The Authority accepted that the applicant’s details were disclosed in the February 2014 data breach and could not discount that the authorities would be aware he had claimed protection in Australia and may be aware that he had claimed asylum in Nauru. The Authority found on the evidence before the Authority, that the Authority was not satisfied the applicant’s status as a failed asylum seeker, both in Nauru and Australia, would bring him to adverse attention on return to Sri Lanka. The Authority accepted that there were reports of mistreatment of those returned asylum seekers who had an actual or imputed profile of LTTE links. The Authority found however, the applicant had no such profile and would not be perceived as such. The Authority was not satisfied that there is a real chance the applicant would face any harm on return as a failed Tamil asylum seeker.
The Authority referred to the Immigrants and Emigrants Act 1948 (Sri Lanka) and found the applicant may be detained and questioned at the airport for up to 24 hours, be fined for breaching the Immigrants and Emigrants Act 1948 (Sri Lanka) by reason of illegal departure, and may face a period of time held in a prison. The Authority did not consider the brief period of detention would constitute the necessary level of threat to the applicant’s life or liberty, or amount to significant physical harassment or ill treatment under s 5J(5) of the Act, or otherwise amount to serious harm to the applicant. The Authority did not accept that the likely questioning of the applicant by the authorities at the airport on arrival, any surety imposed, or the imposition of a fine would constitute serious harm under s 5J(5) of the Act.
The Authority found that the Immigrants and Emigrants Act 1948 (Sri Lanka) is a law of general application and is not selectively enforced or applied in a discriminatory manner. The Authority found that the investigation, prosecution and punishment of the applicant under the Immigrants and Emigrants Act 1948 (Sri Lanka) would be the result of a law of general application, and does not amount to persecution for the purpose of s 5H(1) and s 5J(1) of the Act.
The Authority referred to taking into account the applicant’s claims and circumstances in their totality in determining whether there was a real chance of him suffering harm from the authorities, the Karuna group, the Sinhalese Buddhists, as a young Tamil male who departed Sri Lanka illegally and who has claimed asylum in Nauru and Australia, and whose details were released in the data breach, together with the property dispute and his familial links to a person detained for two or three years as a suspected LTTE supporter, or for reasons of erection of a Buddhist temple in Hindu areas. However, considering the country information, the Authority was not satisfied there was a real chance of the applicant being persecuted in Sri Lanka in the reasonably foreseeable future. The Authority found the applicant’s fear of persecution is not well-founded. The Authority found the applicant failed to meet the definition of “refugee” in s 5H(1) of the Act and that the applicant did not meet the criteria under s 36(2)(a) of the Act.

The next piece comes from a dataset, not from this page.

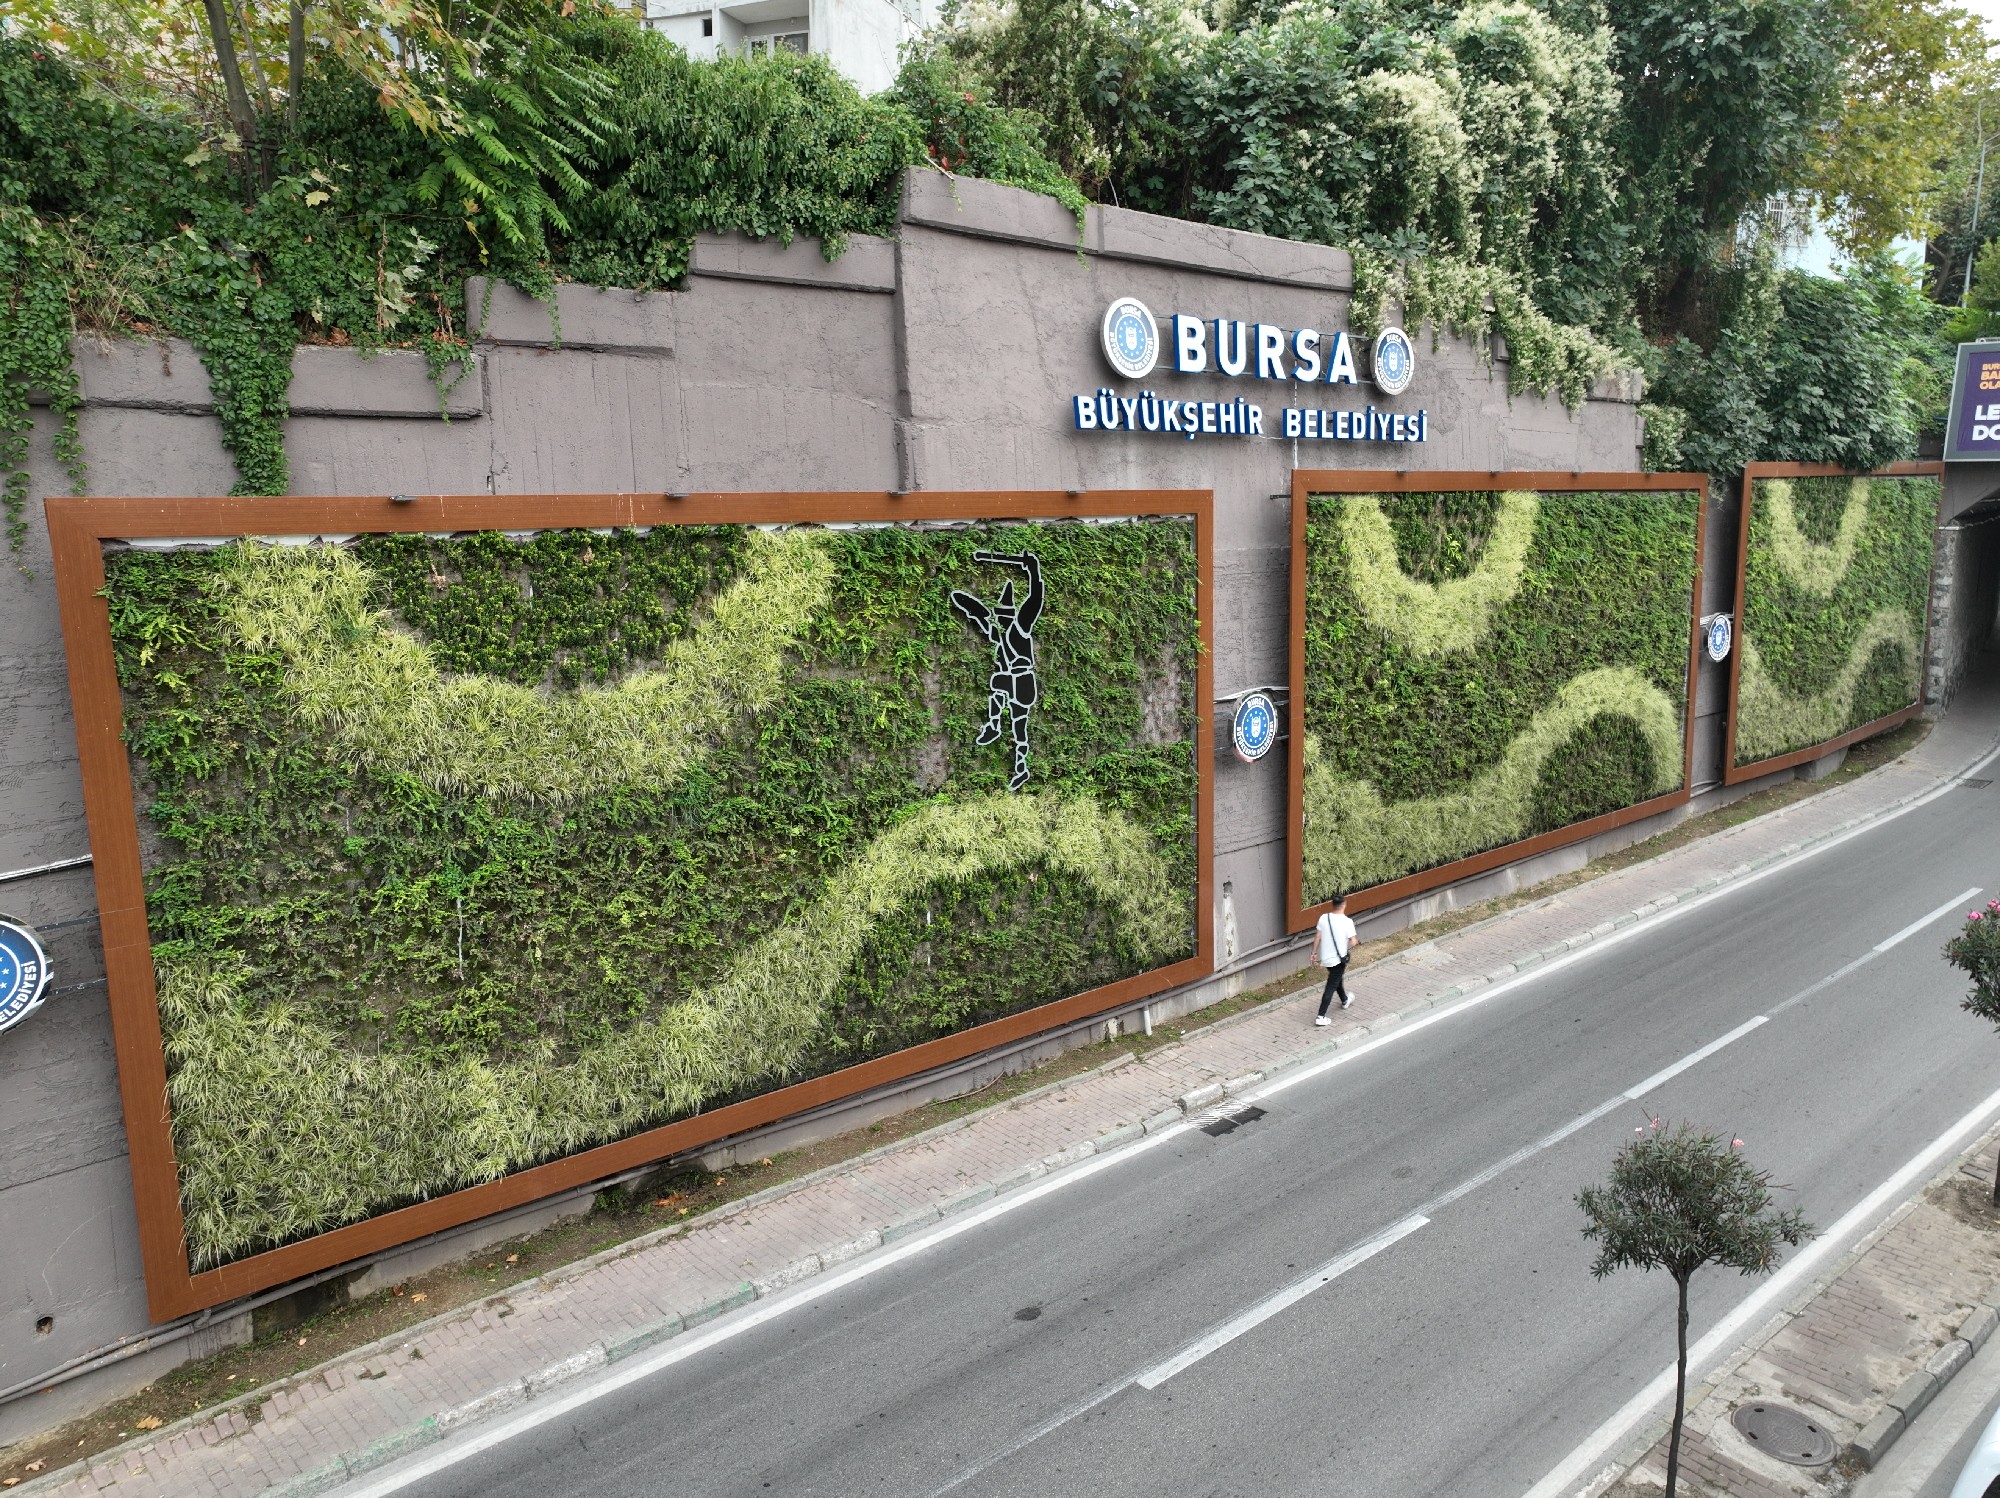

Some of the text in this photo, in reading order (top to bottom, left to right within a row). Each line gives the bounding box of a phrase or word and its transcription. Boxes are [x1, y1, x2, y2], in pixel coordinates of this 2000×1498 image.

[1172, 313, 1357, 385] BURSA
[1981, 371, 2000, 381] BA
[1073, 388, 1427, 442] BÜYÜKŞEHİR BELEDİYESİ

The Authority found that there are not substantial grounds for believing that, as a necessary and foreseeable consequence of the applicant being removed from Australia to Sri Lanka, there is a real risk the applicant will suffer significant harm. The Authority found the applicant does not meet the criteria under s 36(2)(aa) of the Act and affirmed the decision under review.
Before this Court
A Registrar of the Court on 15 November 2017, made orders giving the applicant an opportunity to put on an amended application, affidavit evidence and submissions. No such documents were filed. At the commencement of the hearing, the Court explained to the applicant the nature of the hearing and the applicant confirmed he understood the nature of the hearing as explained by the Court.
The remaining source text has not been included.